At a meeting of the International Monetary Fund in Washington this past weekend, European government leaders said they would significantly step up their response to the eurozone’s spiraling debt crisis. With the world economy hovering on the edge of a double-dip recession, European leaders had to acknowledge that their efforts so far have not been sufficient. A default of Greek debt is quickly moving from a threat to a reality, with Group of 20 sources saying that it is likely that up to 50 percent of the face value of Greece’s 350 billion euro debt will have to be written off, but only after European leaders have vastly shored up an existing bailout fund, the European Financial Stability Facility.

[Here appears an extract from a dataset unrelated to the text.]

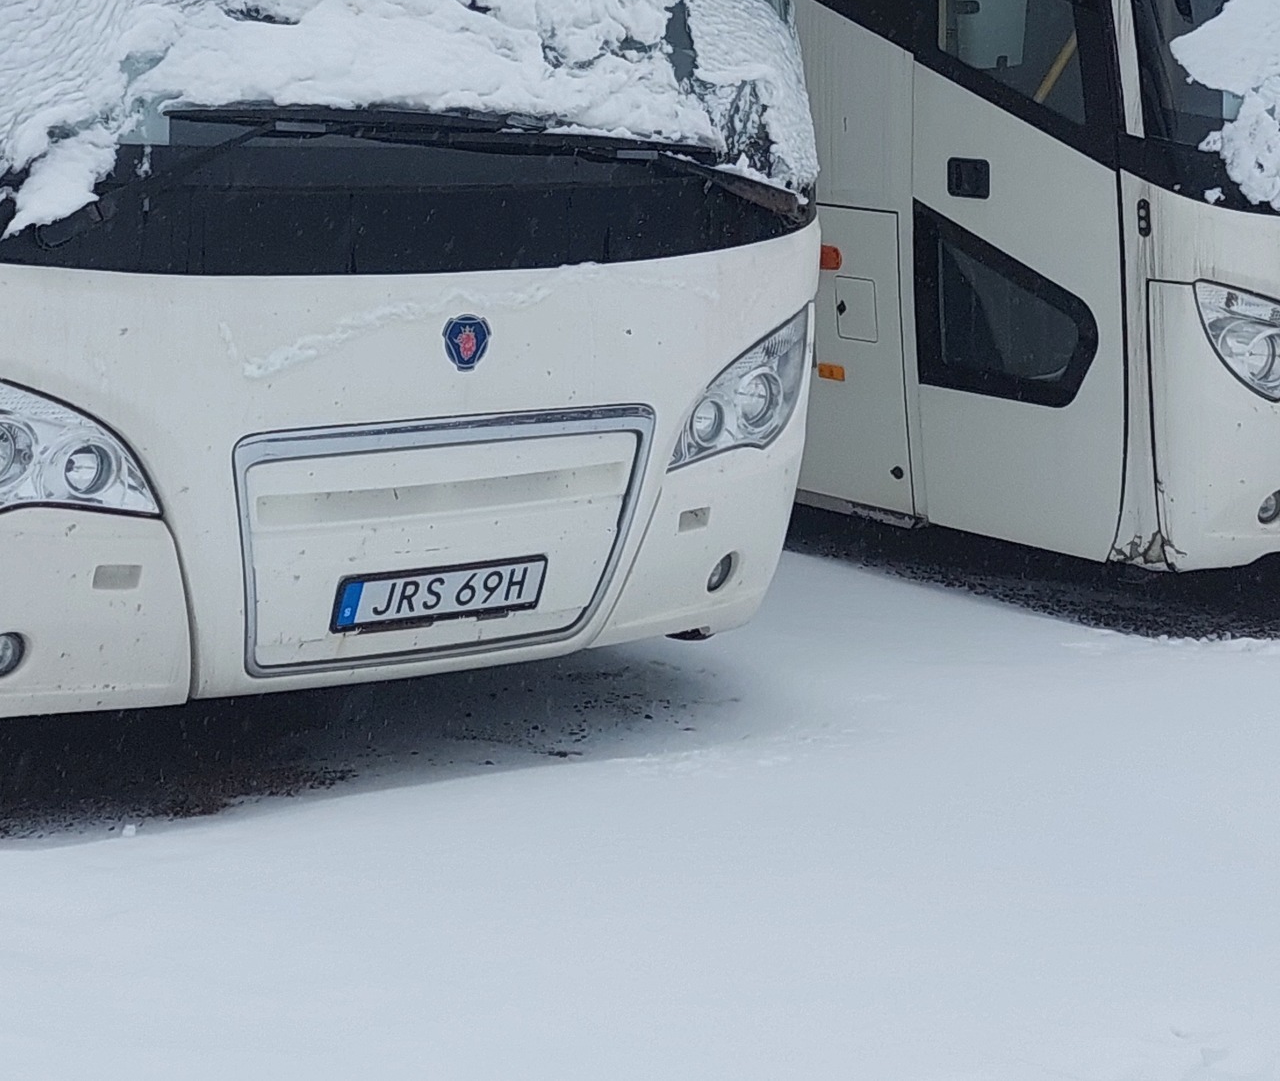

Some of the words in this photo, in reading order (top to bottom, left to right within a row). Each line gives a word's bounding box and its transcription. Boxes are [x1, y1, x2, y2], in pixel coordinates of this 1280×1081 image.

[372, 577, 446, 616] JRS
[454, 566, 529, 607] 69H
[343, 607, 352, 618] S

European Union leaders had to acknowledge that a second 109 billion euro bailout created by Europe and the International Monetary Fund in July has failed to solve the debt crisis. They must now spend the next six weeks seeking to boost the bailout fund, the European Financial Stability Facility (EFSF), by nearly 5 times it current size. Currently the EFSF can make as much as 440 billion euros, or $600 billion, in loans to troubled nations and banks. On Saturday, Olli Rehn, the European Union’s monetary affairs commissioner, said that there is “increasing political will” among European leaders to address the fears of investors and increase the bailout fund, so that it can insure a few trillion euros in loans.
US Treasury Secretary Timothy F. Geithner said in a statement on Saturday that “the threat of cascading default, bank runs and catastrophic risk must be taken off the table, as otherwise it will undermine all other efforts, both within Europe and globally.” The Obama administration has been putting the pressure on Europe, especially Germany — Obama has met or spoken with chancellor Angela Merkel 28 times since he has been in office — to intensify efforts to prevent contagion from Greece’s debt crisis spreading to the other weaker eurozone economies of Italy, Ireland, Portugal and Spain. On Sunday, Merkel spoke of erecting a “barrier” around Greece so that, as she said, “we can in fact let a state go insolvent” if it can’t pay its bills
Continued instability in Europe might undo not only the “fragile,” sputtering US economy but Obama’s re-election prospects if investors, watching one European country’s economy after another fall under its debt burden, hastily pull out their holdings and set off a credit crisis like the collapse of Lehman Brothers — only on a global scale.
Growing Economic, Political, Societal Crisis in Greece
But investors remain deeply unsure if even these measures can save Greece from default. Greece’s debt is $360 billion, totaling 150 percent of the country’s GDP and 5 times that of Argentina which defaulted on $95 billion of debt in 2001.